YOUR INSTRUCTIONS:
The task calls for every entry to be printed word for word, without the images.

DATA SHOWN:
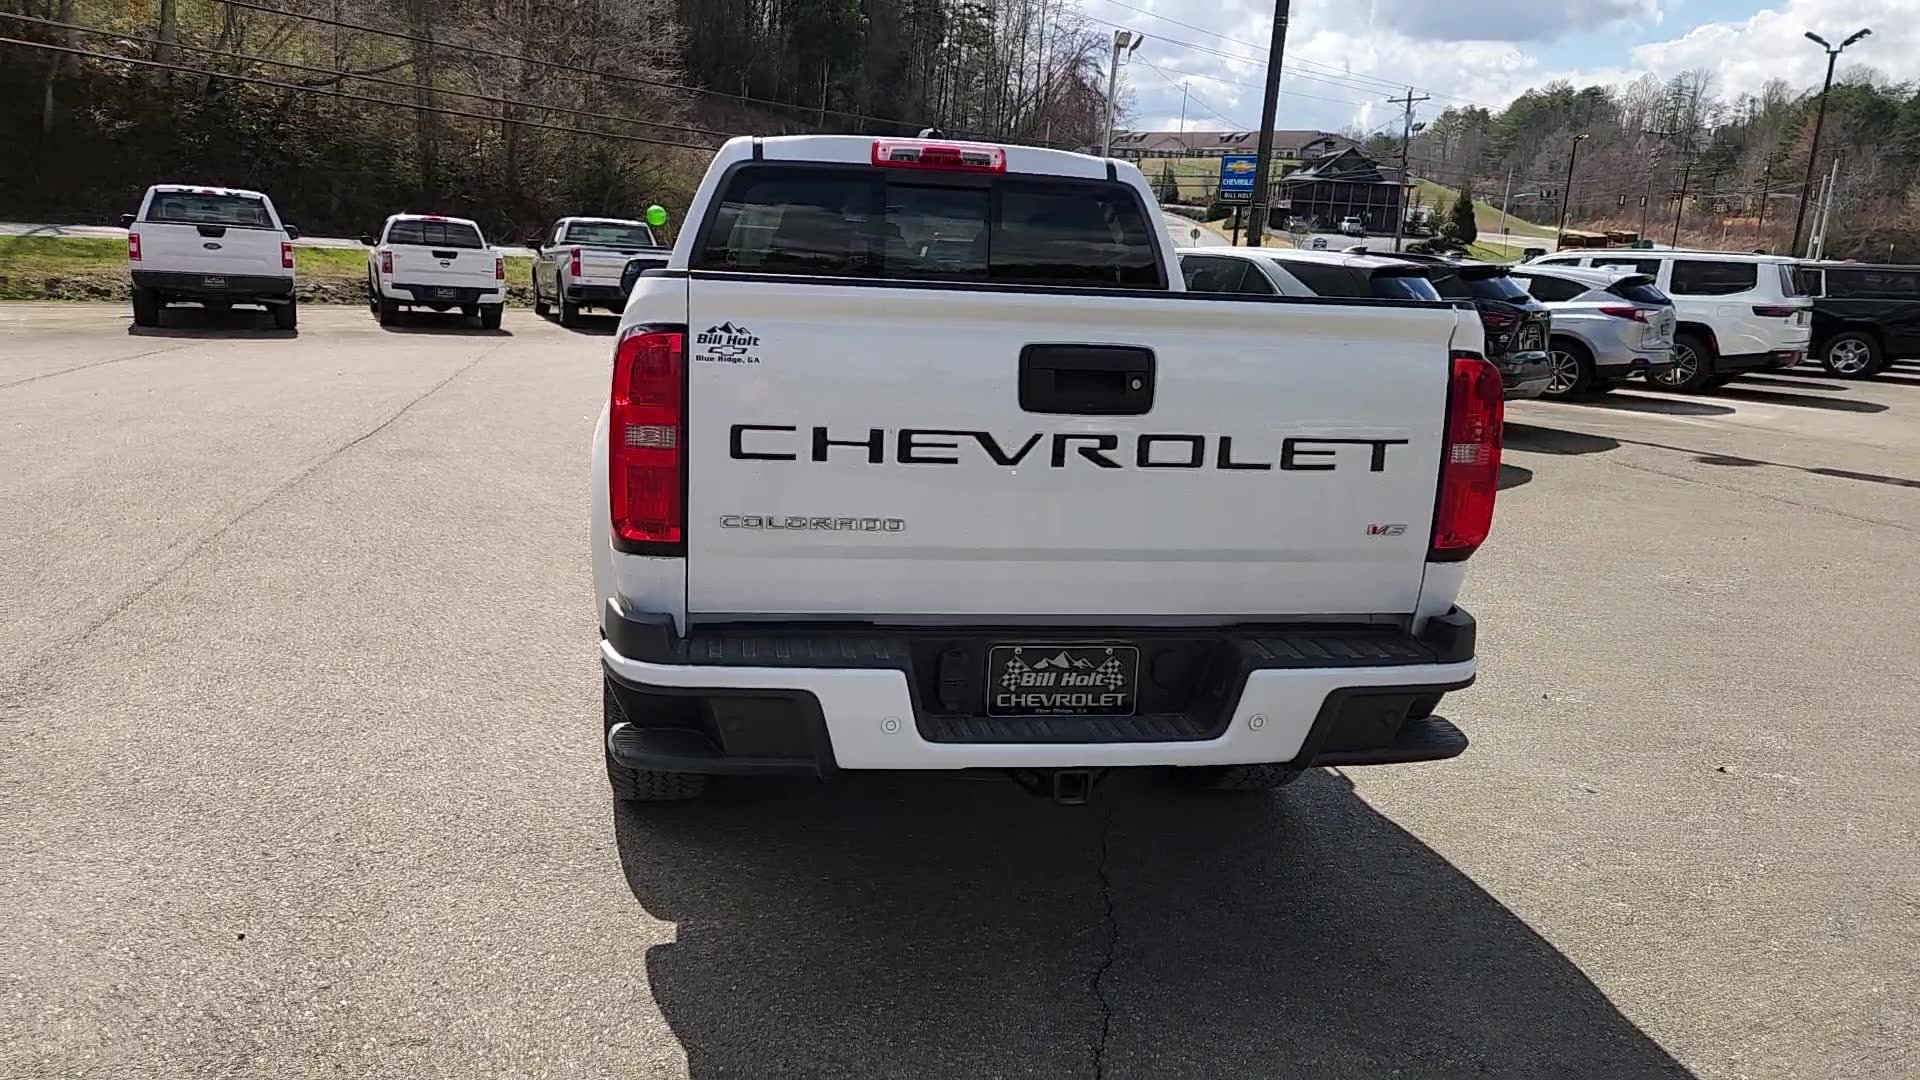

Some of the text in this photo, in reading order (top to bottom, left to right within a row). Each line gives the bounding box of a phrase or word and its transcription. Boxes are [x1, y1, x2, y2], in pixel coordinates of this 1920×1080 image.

[696, 334, 760, 346] Bill Holt
[718, 356, 745, 364] Ridge,
[730, 424, 1409, 472] CHEVROLET
[720, 515, 905, 532] COLORADO
[1366, 524, 1408, 536] V6
[1020, 672, 1106, 687] Bill Holt
[996, 694, 1127, 707] CHEVROLET

ANSWER FOR THIS EXERCISE:
Some of the text in this photo, in reading order (top to bottom, left to right within a row). Each line gives the bounding box of a phrase or word and its transcription. Boxes are [x1, y1, x2, y2], in pixel coordinates of this 1920×1080 image.

[696, 334, 760, 346] Bill Holt
[718, 356, 745, 364] Ridge,
[730, 424, 1409, 472] CHEVROLET
[720, 515, 905, 532] COLORADO
[1366, 524, 1408, 536] V6
[1020, 672, 1106, 687] Bill Holt
[996, 694, 1127, 707] CHEVROLET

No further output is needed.